## Problem statement
Write out all the entries word for word and omit any pictures.
(Material to process)
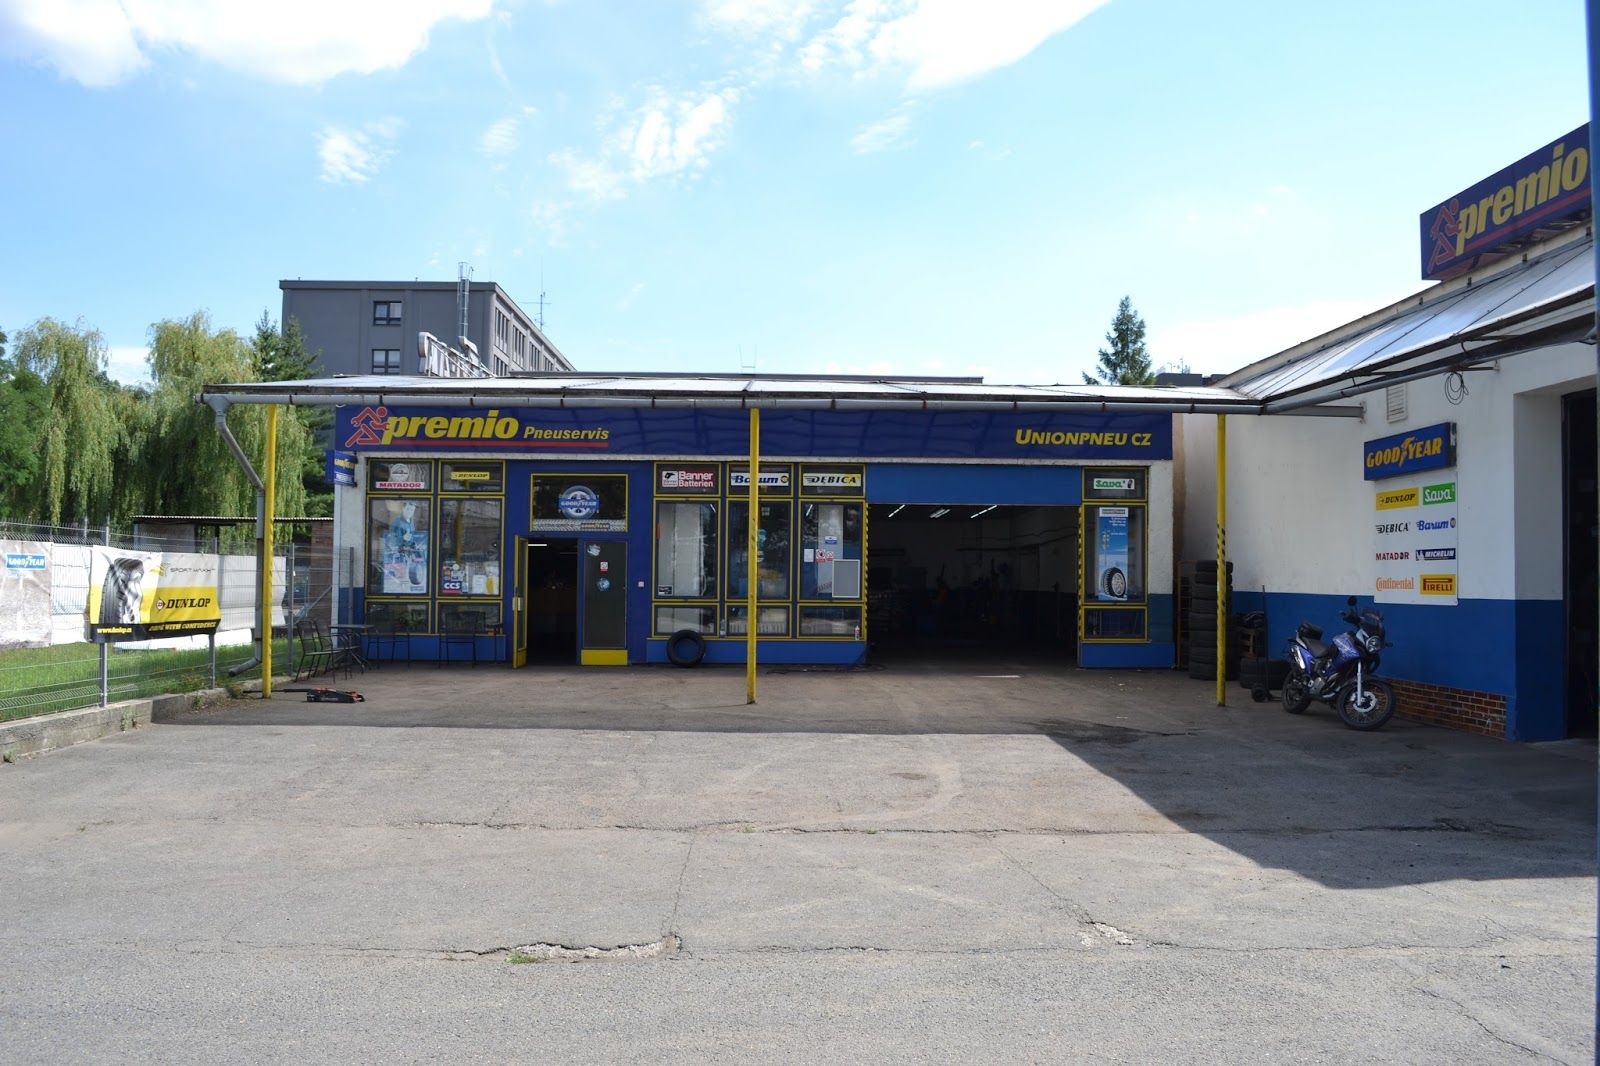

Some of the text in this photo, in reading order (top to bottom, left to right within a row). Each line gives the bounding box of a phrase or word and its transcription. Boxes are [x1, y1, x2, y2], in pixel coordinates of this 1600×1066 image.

[1456, 142, 1588, 256] premio
[381, 410, 609, 445] premio Pneuservis
[1015, 429, 1152, 446] UNIONPNEU CZ
[679, 471, 714, 480] Banner
[732, 475, 779, 483] Baum
[1095, 480, 1122, 488] Sava
[1384, 493, 1415, 504] DUNLOP
[1425, 488, 1451, 502] Sava
[1417, 520, 1449, 531] Barum
[1376, 552, 1410, 560] MATADOR
[1376, 577, 1414, 591] Continental
[1423, 578, 1453, 591] PIRELLI
[166, 598, 211, 608] DUNLOP
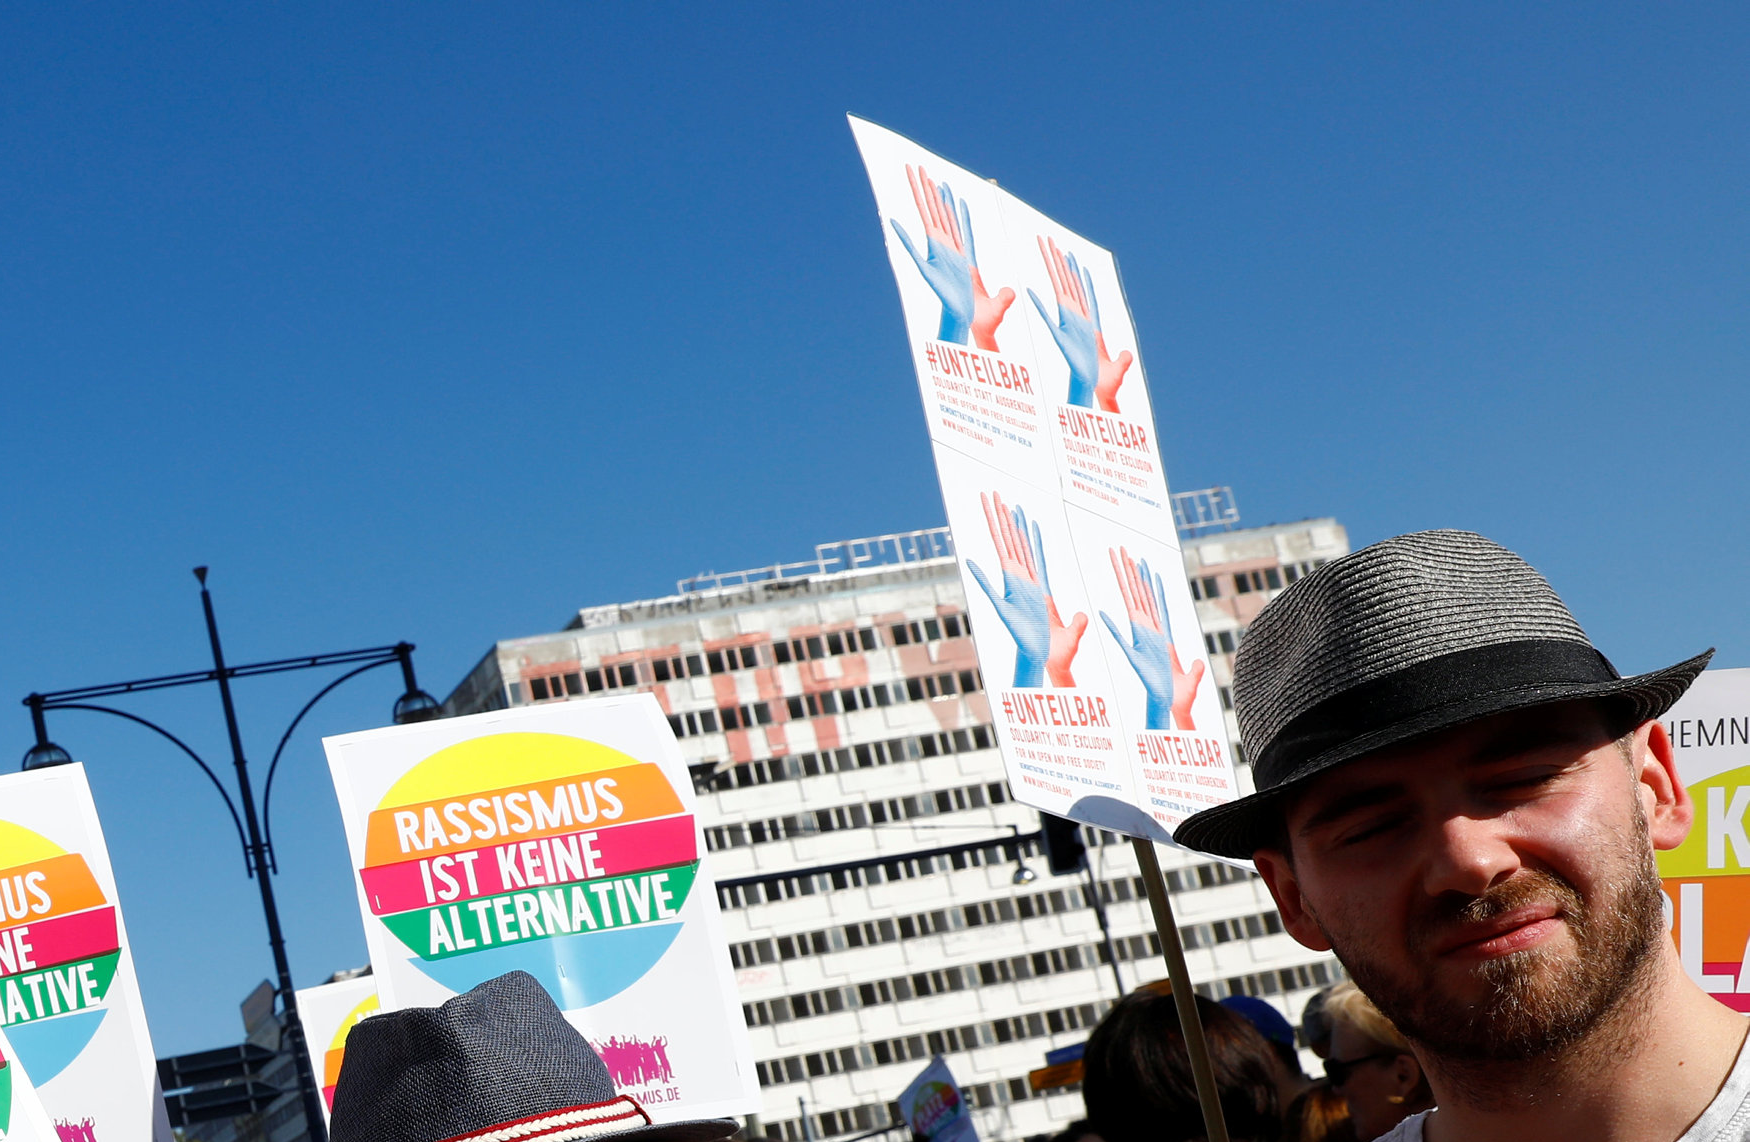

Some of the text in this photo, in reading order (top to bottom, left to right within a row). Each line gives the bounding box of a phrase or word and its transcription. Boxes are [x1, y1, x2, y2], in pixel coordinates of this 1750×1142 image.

[926, 341, 1034, 396] #UNTEILBAR
[1058, 406, 1150, 454] #UNTEILBAR
[1002, 692, 1111, 728] #UNTEILBAR
[1056, 732, 1071, 747] NOT
[1136, 734, 1226, 768] #UNTEILBAR
[394, 776, 624, 854] RASSISMUS
[1706, 785, 1750, 869] K
[419, 832, 606, 904] IST KEINE
[429, 872, 677, 956] ALTERNATIVE
[630, 1086, 681, 1105] MUS.DE
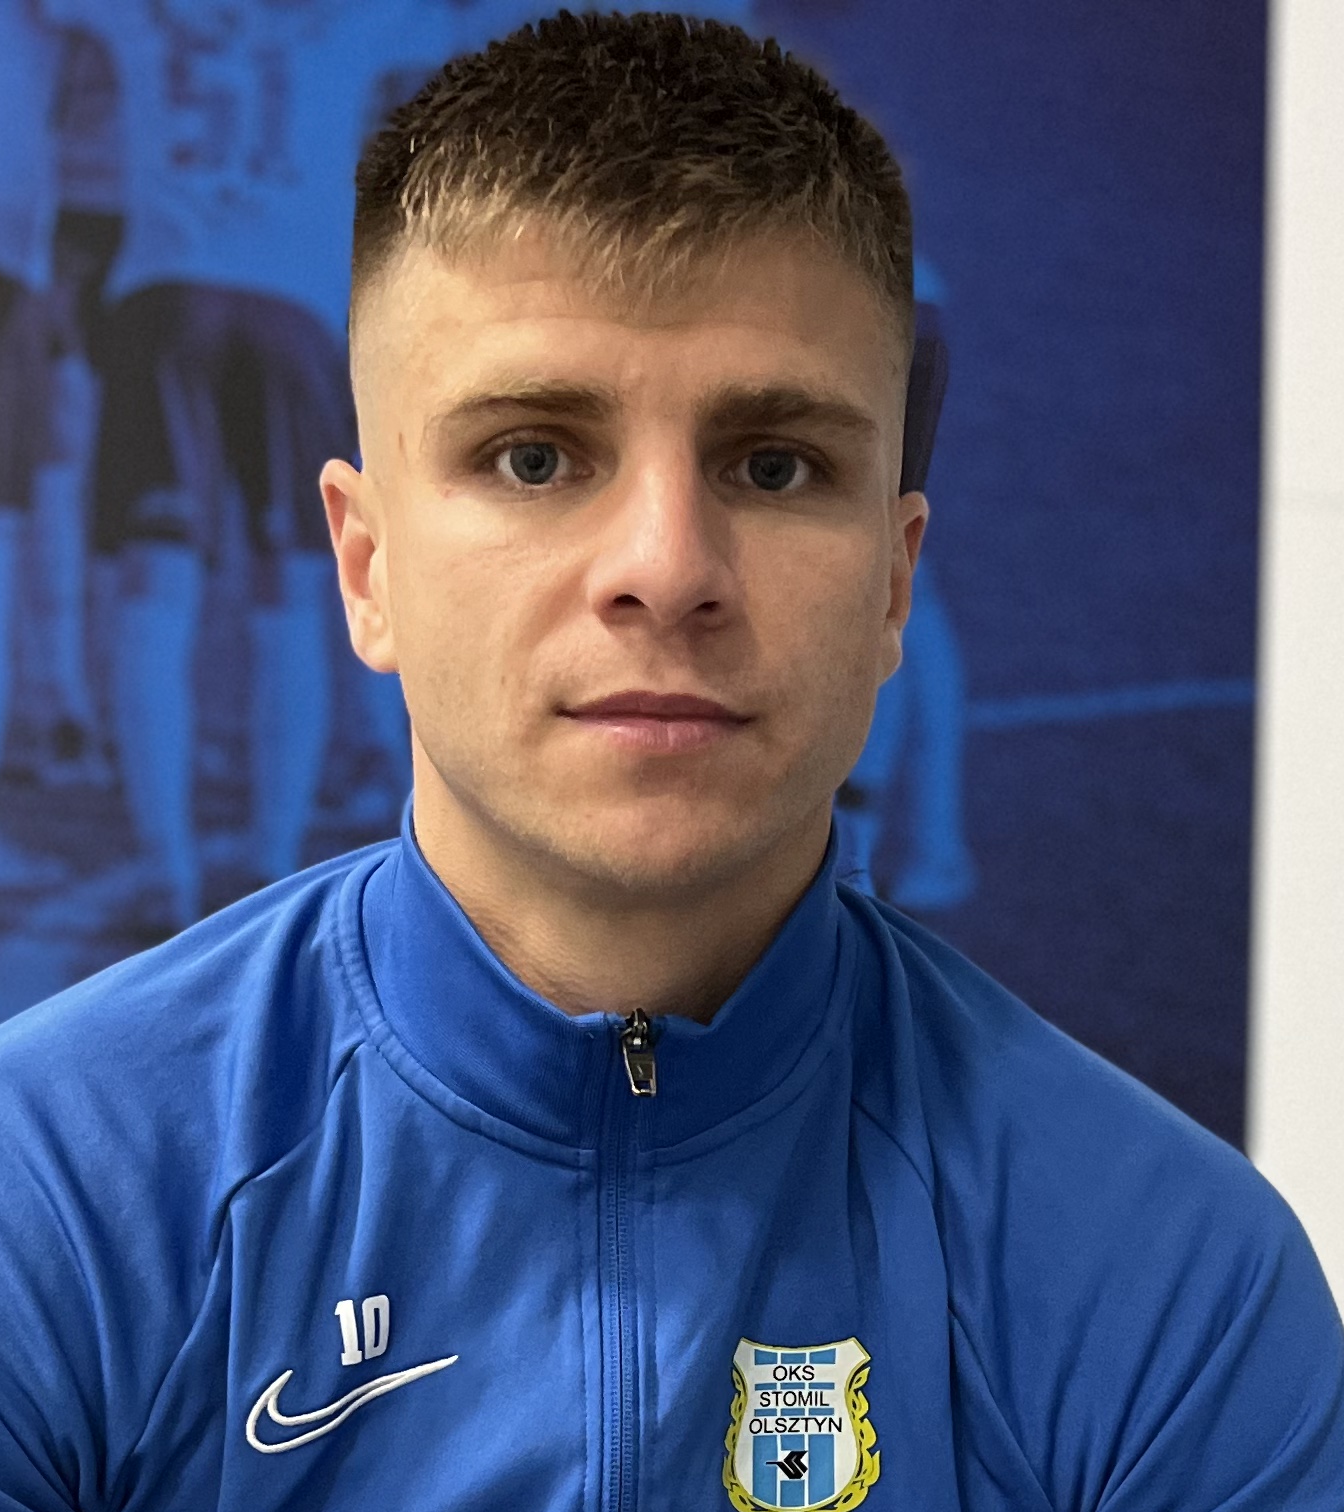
(End Material to process)
## Solution for this task
Some of the text in this photo, in reading order (top to bottom, left to right within a row). Each line gives the bounding box of a phrase or word and its transcription. Boxes are [x1, y1, x2, y2], in pixel coordinates of this 1600×1066 image.

[1456, 142, 1588, 256] premio
[381, 410, 609, 445] premio Pneuservis
[1015, 429, 1152, 446] UNIONPNEU CZ
[679, 471, 714, 480] Banner
[732, 475, 779, 483] Baum
[1095, 480, 1122, 488] Sava
[1384, 493, 1415, 504] DUNLOP
[1425, 488, 1451, 502] Sava
[1417, 520, 1449, 531] Barum
[1376, 552, 1410, 560] MATADOR
[1376, 577, 1414, 591] Continental
[1423, 578, 1453, 591] PIRELLI
[166, 598, 211, 608] DUNLOP

Some of the text in this photo, in reading order (top to bottom, left to right within a row). Each line gives the bounding box of a phrase or word and its transcription. Boxes are [x1, y1, x2, y2], in pixel coordinates of this 1750×1142 image.

[926, 341, 1034, 396] #UNTEILBAR
[1058, 406, 1150, 454] #UNTEILBAR
[1002, 692, 1111, 728] #UNTEILBAR
[1056, 732, 1071, 747] NOT
[1136, 734, 1226, 768] #UNTEILBAR
[394, 776, 624, 854] RASSISMUS
[1706, 785, 1750, 869] K
[419, 832, 606, 904] IST KEINE
[429, 872, 677, 956] ALTERNATIVE
[630, 1086, 681, 1105] MUS.DE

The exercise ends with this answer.